The removal of U(VI) from groundwaters by adsorption onto bacteriogenic iron oxides (BIOS) has been investigated under batch mode. The adsorbent dosage, the uranium concentration, the concentration of carbonate and the use of a real groundwater spiked with uranium comprised the examined parameters. In addition, the effect of pH was examined in two different water matrixes, i.e., in distilled water and in real groundwater. Equilibrium studies were carried out to determine the maximum adsorption capacity of BIOS and the data correlated well with the Langmuir and Freundlich models.

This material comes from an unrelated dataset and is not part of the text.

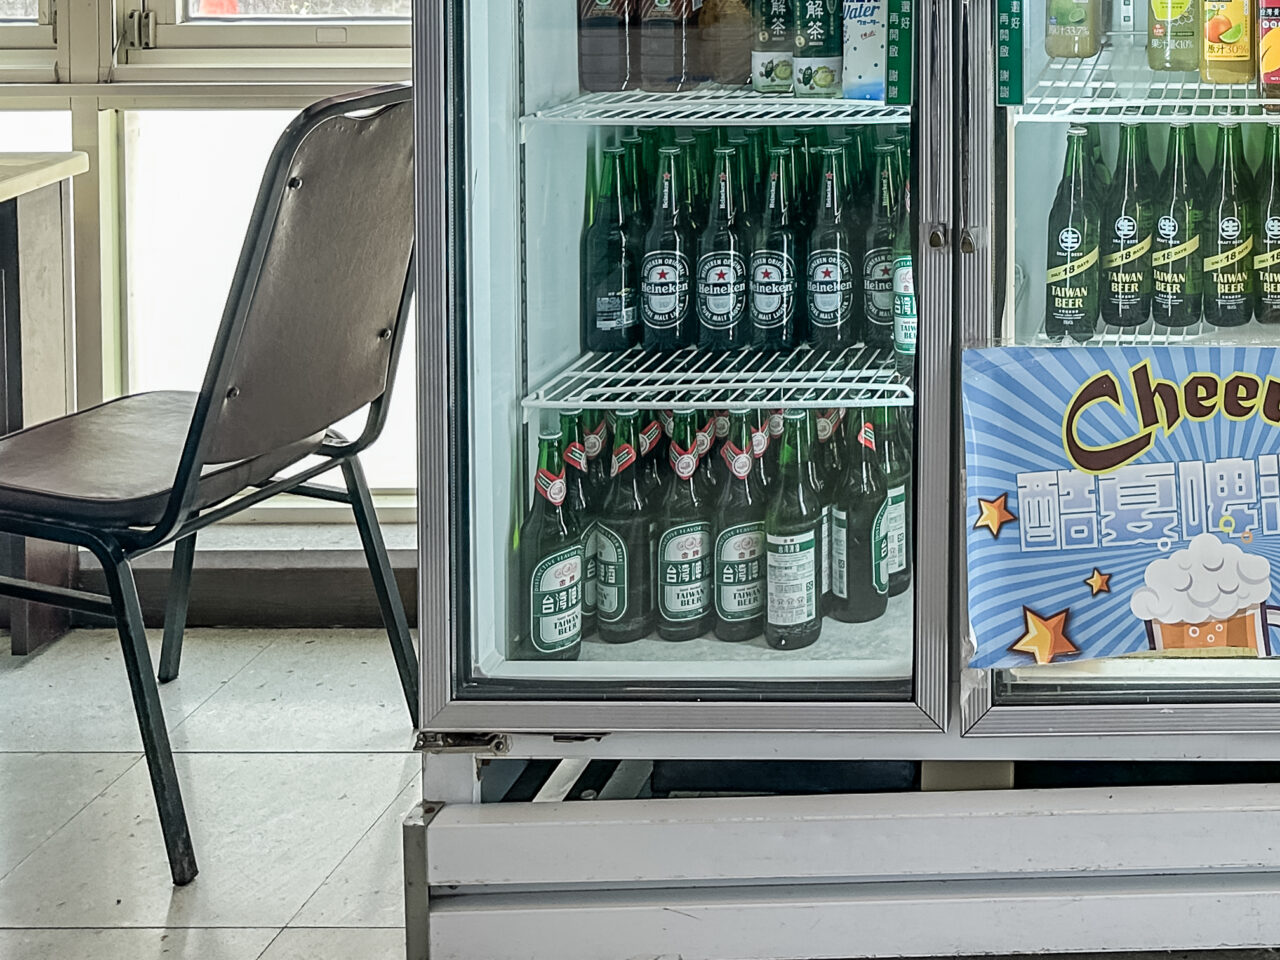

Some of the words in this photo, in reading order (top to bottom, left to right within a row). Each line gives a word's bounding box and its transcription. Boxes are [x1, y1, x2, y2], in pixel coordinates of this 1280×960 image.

The presence of carbonate affected adversely the adsorption of U(VI) onto BIOS. The maximum adsorption capacity of BIOS was 9.25 mg g−1 at 0.1 mM carbonate concentration and decreased to 6.93 mg g−1 at 0.5 mM carbonate concentration, whereas at carbonate concentration of 2 mM practically no adsorption occurred. The data were further analyzed using the pseudo-second order kinetic equation, which fitted best the experimental results. The initial adsorption rate (h) was found to increase with decreasing the concentration of carbonate in all cases. When experiments were accomplished in the absence of carbonate, the pH values did not have an effect on the adsorption of U(VI). However, the extent of U(VI) adsorption was strongly pH-dependent when the experiments were carried out in the real groundwater. The maximum adsorption capacity increased sharply as the pH decreased and optimum removal was obtained in the pH range 3.2-4.0, thus bacteriogenic iron oxides can found application in the removal of U(VI) by adsorption from low pH or low carbonate waters.